World of Tan 19 - A Circular Problem
Can you fit the tangram pieces into the outline of this teacup?
Age
7 to 11
Challenge level
This activity follows on from World of Tan 18 - Soup.
It is almost the end of the tea break. The cups have been cleared away and the chairs are being stacked neatly in the corner, when Wu Ming poses his question...
Wu Ming: How do you find the centre of a circle?
After some discussion, it was agreed that all you had to do was fold it in half and then in half again. Where the folds crossed was the centre!
Chi Wing: Yes, that works for a circle of paper.
Wai Ping: It'll also work for a tablecloth, or even a small rug!
Chi Wing: But what about that wooden stage we have to move next week? We can't fold that!
Wu Ming: Let's ask Granma T - I've heard she enjoyed geometry at school. I'll leave a note asking for her help.
The workers went back to their tasks for the afternoon, and the next morning they were called into the office by Granma T...
Granma T: Imagine that you can walk round the edge of the circle - of any size, large or small.
Everyone seemed to understand this instruction.

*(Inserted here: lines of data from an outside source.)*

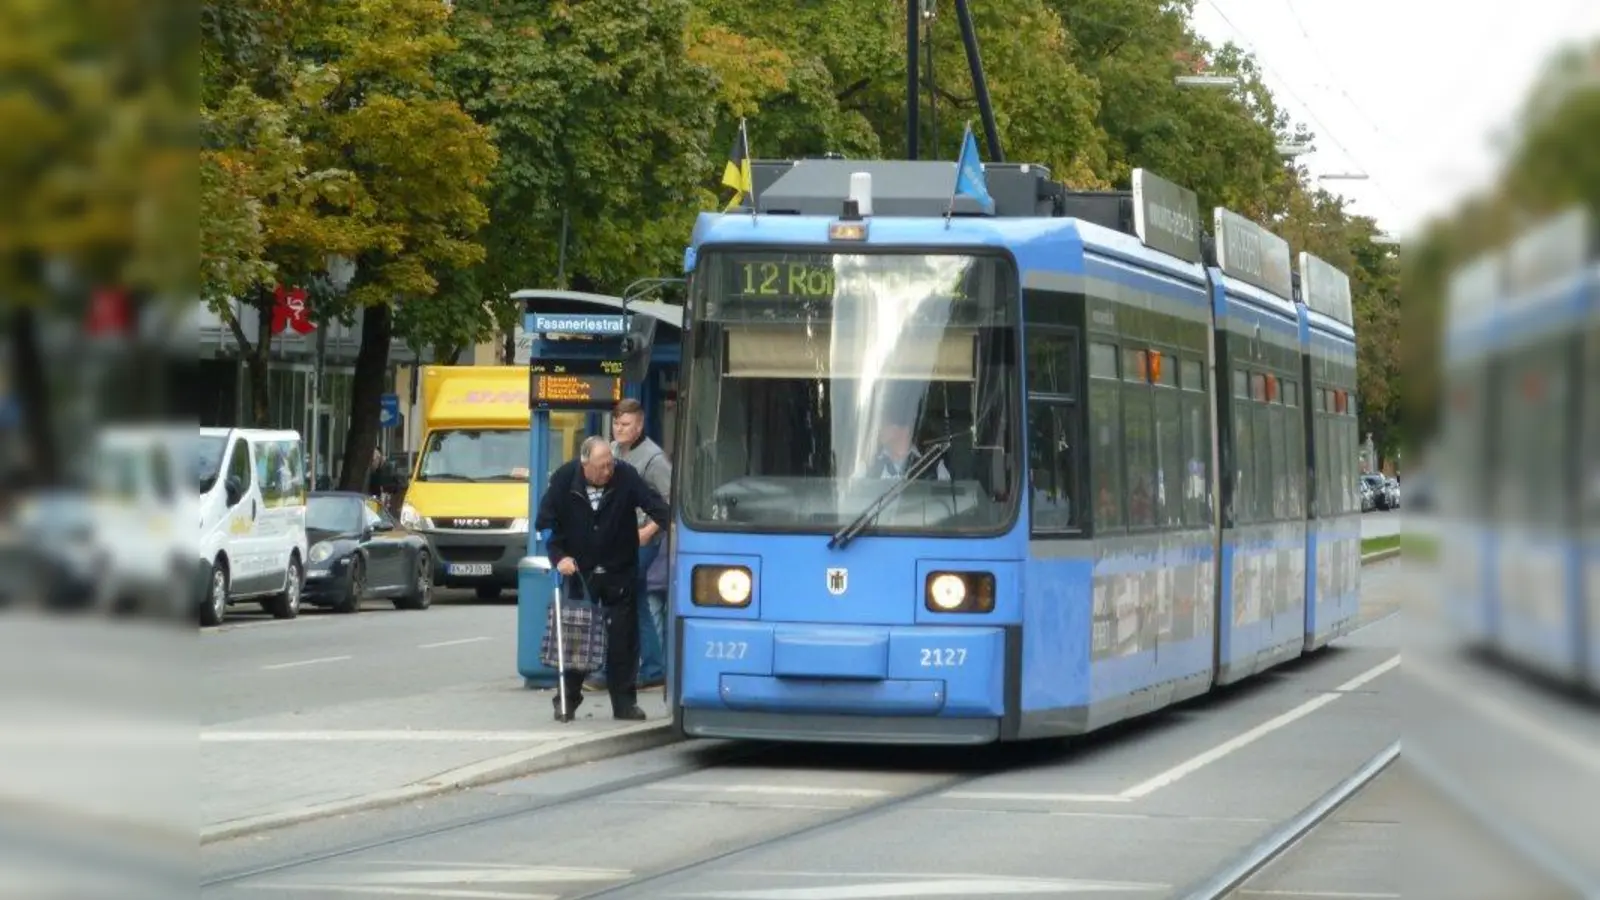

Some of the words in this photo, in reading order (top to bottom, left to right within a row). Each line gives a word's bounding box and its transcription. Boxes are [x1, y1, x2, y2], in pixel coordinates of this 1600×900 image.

[743, 262, 780, 294] 12
[453, 518, 490, 527] IVECO
[704, 640, 748, 661] 2127
[919, 646, 969, 668] 2127
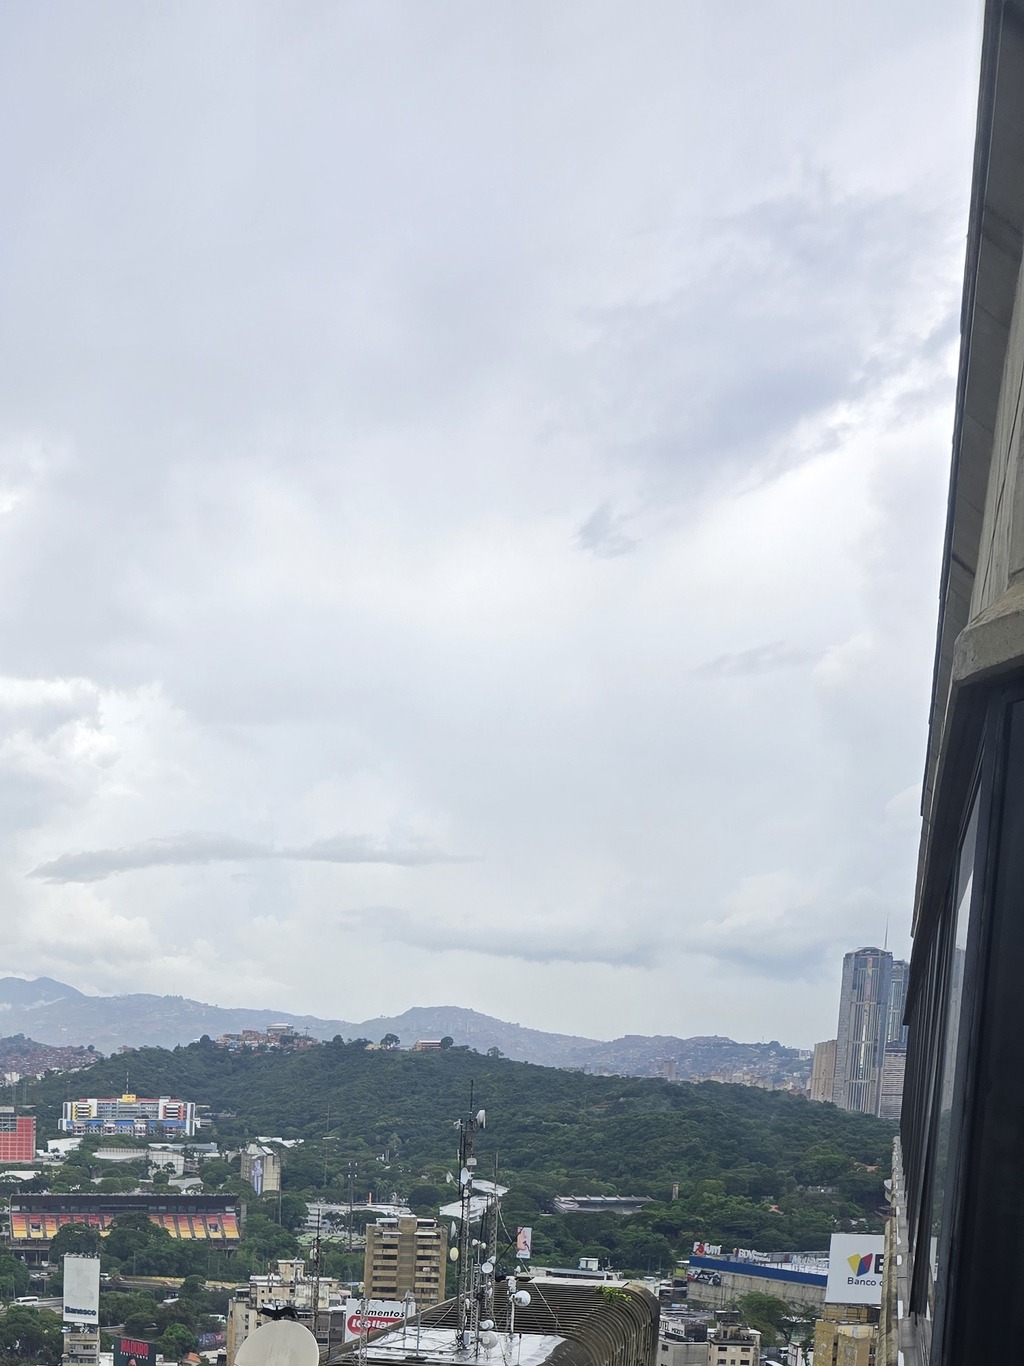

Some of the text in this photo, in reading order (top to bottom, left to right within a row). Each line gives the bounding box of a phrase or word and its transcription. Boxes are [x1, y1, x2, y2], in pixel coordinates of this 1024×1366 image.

[847, 1276, 877, 1286] Banco
[65, 1306, 96, 1316] Banesco
[355, 1309, 405, 1317] aimentos
[120, 1338, 149, 1356] MADURO
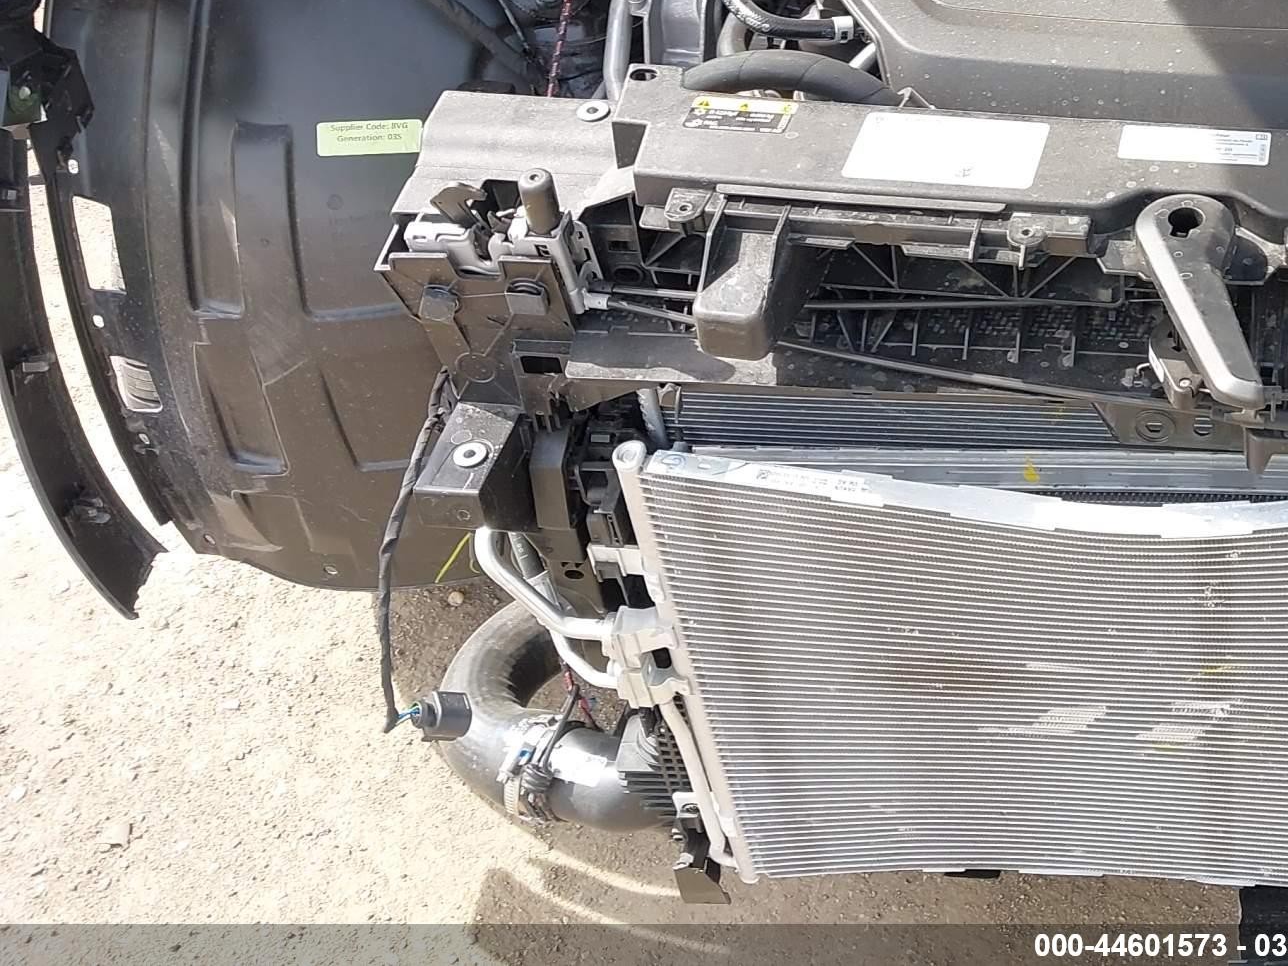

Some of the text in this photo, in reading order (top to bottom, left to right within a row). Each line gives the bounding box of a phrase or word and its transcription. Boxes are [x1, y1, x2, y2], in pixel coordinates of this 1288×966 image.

[330, 123, 364, 133] Supplier
[365, 121, 390, 131] Code:
[336, 134, 386, 143] Generation:

Granma T: Now imagine that Mah Ling is standing still on the edge, and she is feeding out some rope attached to your waist. As you walk around the circle, the rope is kept tight at all times.
Chi Wing: The rope will get longer as I walk further around.
Wu Ming: Yes, until you get to that point when the rope starts to get shorter again.
Granma T: That is when you have gone as far out as possible and you are about to begin the journey back to where you started.
Wu Ming, Wai Ping and Chi Wing all voiced their agreement.
Granma T: Now, where is the point when the rope starts to get shorter again?
Wai Ping: At the end of the longest line across the circle - the diameter.
Granma T: Your problem about finding the centre should be easy now. Good morning!
And off she went, leaving the workers scratching their heads in confusion.
Chi Wing: Well, let's get back to furniture moving. We can all have a think and then discuss this at our tea break.
In the meantime, complete the silhouette of the teacup.
Extra activity:
- Have a look at Granma T's method of finding the centre of a circle. How does it work? Can you finish it?
The story continues in World of Tan 20 - Fractions.
Why do this problem?
This problem is an engaging context in which pupils can consolidate their knowledge of the properties of squares, triangles and parallelograms. By attempting this activity, children will be putting into practise their visualising skills, making guesses about where the different shapes might go before trying out their ideas. When combining the shapes to make the tangram, pupils will use their understanding of translations, reflections and rotations to decide how to transform each shape. There are also links between tangrams and fractions, and children can be encouraged to work out what fraction of the whole square is represented by each smaller shape.Possible approach
Read this story with the whole class and look at the tangram as a group. Ask pupils to suggest where a shape might go. What transformation would be needed to move the shape into that position?When pupils are solving the tangram, they would benefit from working in pairs with a tablet or a printed copy of the shapes to cut out and move around. Working together will lead to rich discussions about the possible options for where each shape can go. When the children have solved the tangram, they can have a go at the extra activities.
At the end of the lesson, bring all of the pupils together and model the solution on the whiteboard. How does each shape need to be transformed? What fraction of the whole picture is each shape?
Key questions
What could you put with this piece to make a square?Are all of the pieces different?
What's the smallest square you can make?
What has to go in that space? How do you know?